Il primo passo verso la guarigione è una giusta diagnosi. Così anche per uscire dalla crisi dell’euro, per decidere che direzione prendere e che politiche adottare è fondamentale identificare e interpretare correttamente le cause della crisi. Lo spiegano Charles Wyplosz (Graduate Institute di Ginevra) e Richard Portes (London Business School) al Festival dell’Economia di Trento. Peccato che i due economisti, a distanza di poche ore, ci propongano una “diagnosi giusta” (Wyplosz) e una “interpretazione corretta” (Portes) piuttosto differenti.
Nella sua lecture Wyplosz spiega come l’attuale crisi sia la conseguenza di debiti pubblici troppo elevati. In alcuni casi, questi debiti sono il prodotto dell’irresponsabilità dei paesi che nel corso degli ultimi quarant’anni hanno accumulato deficit (si pensi per esempio all’Italia). In altri – come nei casi spagnolo e irlandese – la causa è il salvataggio delle banche in seguito ad un periodo di crescita insostenibile e a una bolla immobiliare.
Il problema, dunque, è l’assenza di disciplina fiscale. I paesi periferici hanno “cicalato” per molti anni; la mancanza di veri vincoli ha portato all’attuale situazione insostenibile. Sebbene il trattato di Maastricht avesse stabilito un tetto massimo di deficit e di debito, non vi è mai stato un sistema di sanzioni credibile.
Questa tesi viene stravolta durante la lezione di Richard Portes, che avanza un’altra interpretazione: la causa della crisi sono i flussi di capitale. Il problema dell’eurozona non è quindi l’irresponsabilità fiscale (la Grecia è considerata un’eccezione), ammonisce Portes, bensì il fatto che, negli anni passati, proprio grazie all’unione monetaria e alla deregolamentazione finanziaria, ci sono stati importanti flussi di capitale dalla Francia e dalla Germania verso i paesi periferici, soprattutto Spagna e Irlanda. Gli influssi di capitale sono confluiti principalmente nel settore non commerciabile dell’economia, alimentando il boom del settore delle costruzioni.
Questi flussi non hanno portato ad aumenti di produttività, ma hanno prodotto un aumento sproporzionato dei crediti, causando corrispondenti deficit nella bilancia corrente. Secondo l’economista americano, quindi, alla base della crisi dell’eurozona non ci sono i deficit eccessivi, bensì i prestiti concessi in modo incauto dai paesi “core” ai Paesi periferici.
I due economisti hanno però un punto su cui concordano: a differenza di quanto viene spesso raccontato, né l’uno né l’altro identificano la perdita di competitività dei paesi periferici come un grosso problema. Wyplosz la descrive come “una fantasia comune”, mentre Portes spiega che se i deficit della bilancia corrente fossero stati causati dalla mancanza di competitività la crescita in questi Paesi sarebbe stata bassa, mentre in realtà la crescita è stata rapida, la domanda interna alta e i deficit causati da basso risparmio. Non solo, anche dopo la crisi, le esportazioni spagnole e irlandesi non solo non sono diminuite, ma anzi dal 2010 sono cresciute a un tasso annuo del 10 per cento.

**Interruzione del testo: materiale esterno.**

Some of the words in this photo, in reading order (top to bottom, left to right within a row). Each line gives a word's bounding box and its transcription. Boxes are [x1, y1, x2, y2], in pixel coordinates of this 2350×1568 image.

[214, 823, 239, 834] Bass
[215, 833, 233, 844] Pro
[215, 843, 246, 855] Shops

Questi punti di vista di due economisti sicuramente competenti sembrano essere una piccola rappresentazione di quello che è il vero problema (politico) attuale: due realtà convinte di aver trovato “la diagnosi giusta”, che faticano ad abbandonare le loro posizioni a favore di un accordo.
E se da un lato si parla di una Germania che «non accetterà di pagare il conto per il debito di altri paesi» (Wyplosz), dall’altro si descrivono «Paesi creditori con banche che hanno scioccamente concesso prestiti ai paesi periferici per poi trasferire i costi fiscali di questi errori sui contribuenti degli stati debitori, il tutto con un atteggiamento di superiorità morale – che ipocrisia!» (Portes).

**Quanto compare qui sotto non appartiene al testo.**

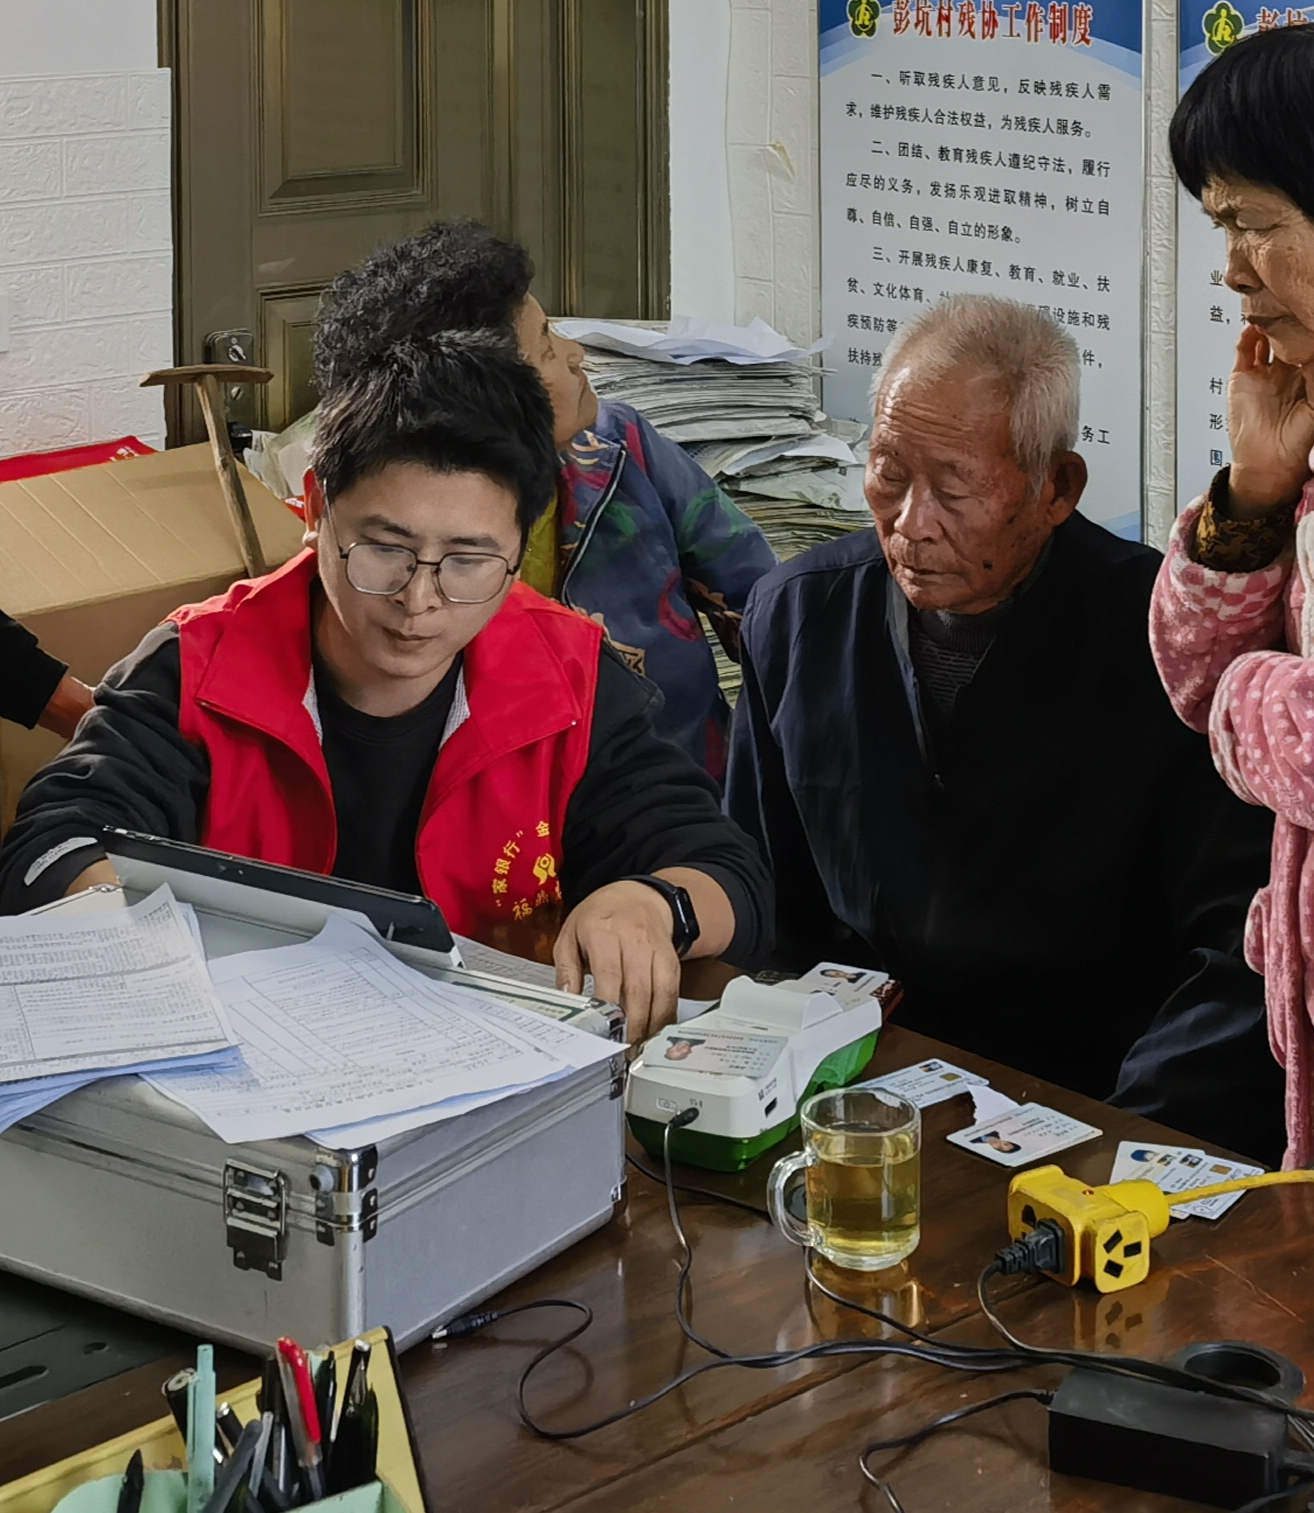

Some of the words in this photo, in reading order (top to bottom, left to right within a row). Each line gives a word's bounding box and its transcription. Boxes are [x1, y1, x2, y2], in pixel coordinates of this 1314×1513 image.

[870, 70, 1112, 102] 一、听取残疾人意见，反映残疾人需
[845, 101, 1092, 138] 求，维护残疾人合法权益，为残疾人服务。
[870, 140, 1112, 178] 二、团结、教育残疾人遵纪守法，履行
[845, 172, 1110, 217] 应尽的义务，发扬乐观进取精神，树立自
[846, 206, 1021, 245] 尊、自信、自强、自立的形象。
[871, 246, 1111, 293] 三、开展残疾人康复、教育、就业、扶
[1209, 269, 1224, 287] 业
[1209, 376, 1224, 395] 村
[1081, 425, 1111, 444] 务工
[535, 820, 550, 838] 金

Ma a sorpresa, nonostante due analisi differenti, le conclusioni portano ad almeno un punto in comune: la necessità di una unione bancaria, con un sistema di supervisione condiviso che garantisca il rispetto delle regole, e all’identificazione del principale problema, la Germania. «Quindi, come convincere i tedeschi?», chiede un giovane al prof Portes: «Boy, I wish I knew».